§ What is needed: Copy all the records word for word, apart from any pictures.

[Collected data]
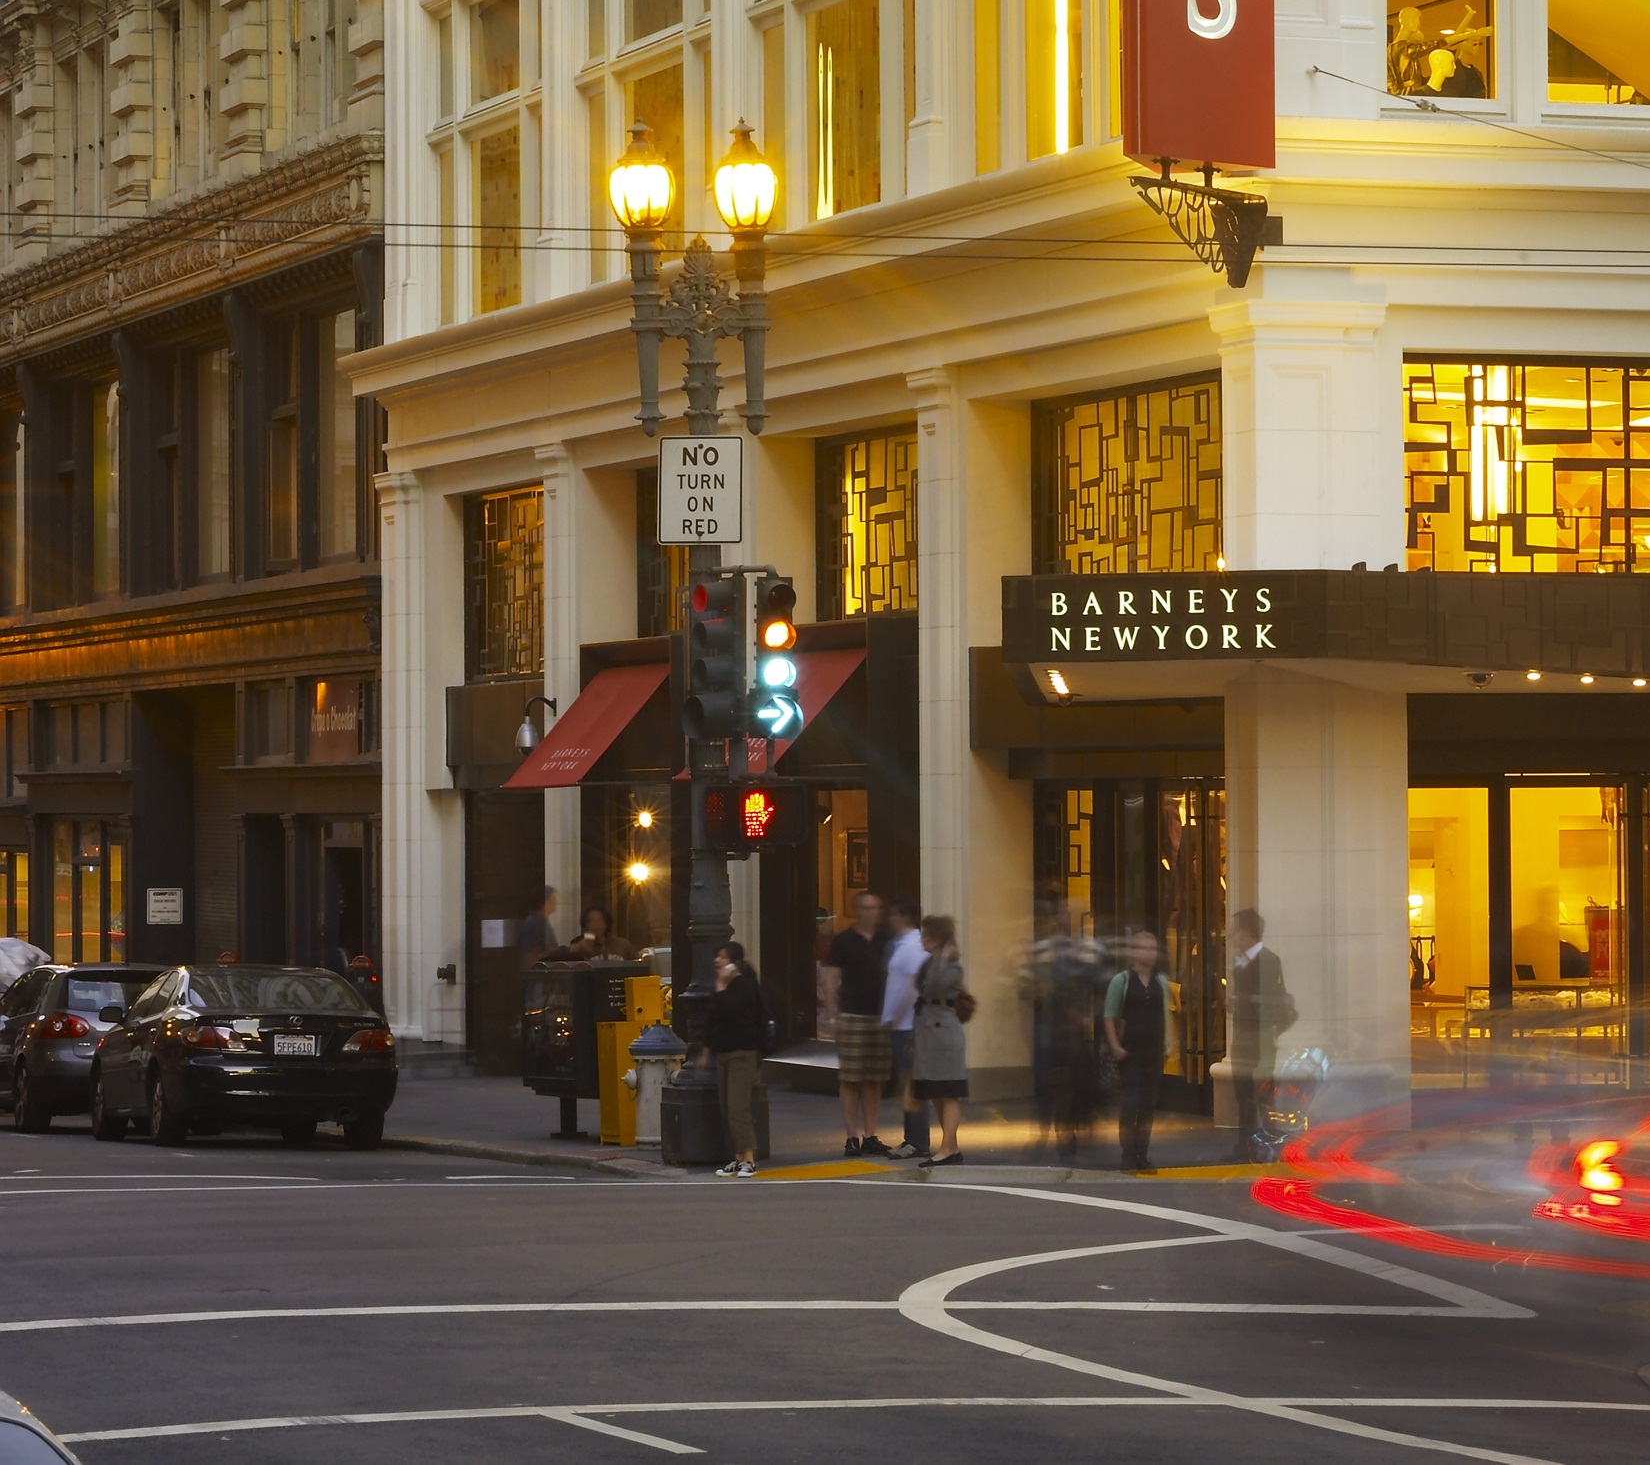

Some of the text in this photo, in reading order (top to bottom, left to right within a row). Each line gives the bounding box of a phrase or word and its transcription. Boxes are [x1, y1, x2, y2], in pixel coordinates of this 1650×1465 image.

[682, 446, 719, 467] NO
[676, 473, 725, 490] TURN
[687, 496, 714, 512] ON
[682, 518, 718, 535] RED
[1050, 587, 1272, 616] BARNEYS

§ Written reply:
Some of the text in this photo, in reading order (top to bottom, left to right within a row). Each line gives the bounding box of a phrase or word and its transcription. Boxes are [x1, y1, x2, y2], in pixel coordinates of this 1650×1465 image.

[682, 446, 719, 467] NO
[676, 473, 725, 490] TURN
[687, 496, 714, 512] ON
[682, 518, 718, 535] RED
[1050, 587, 1272, 616] BARNEYS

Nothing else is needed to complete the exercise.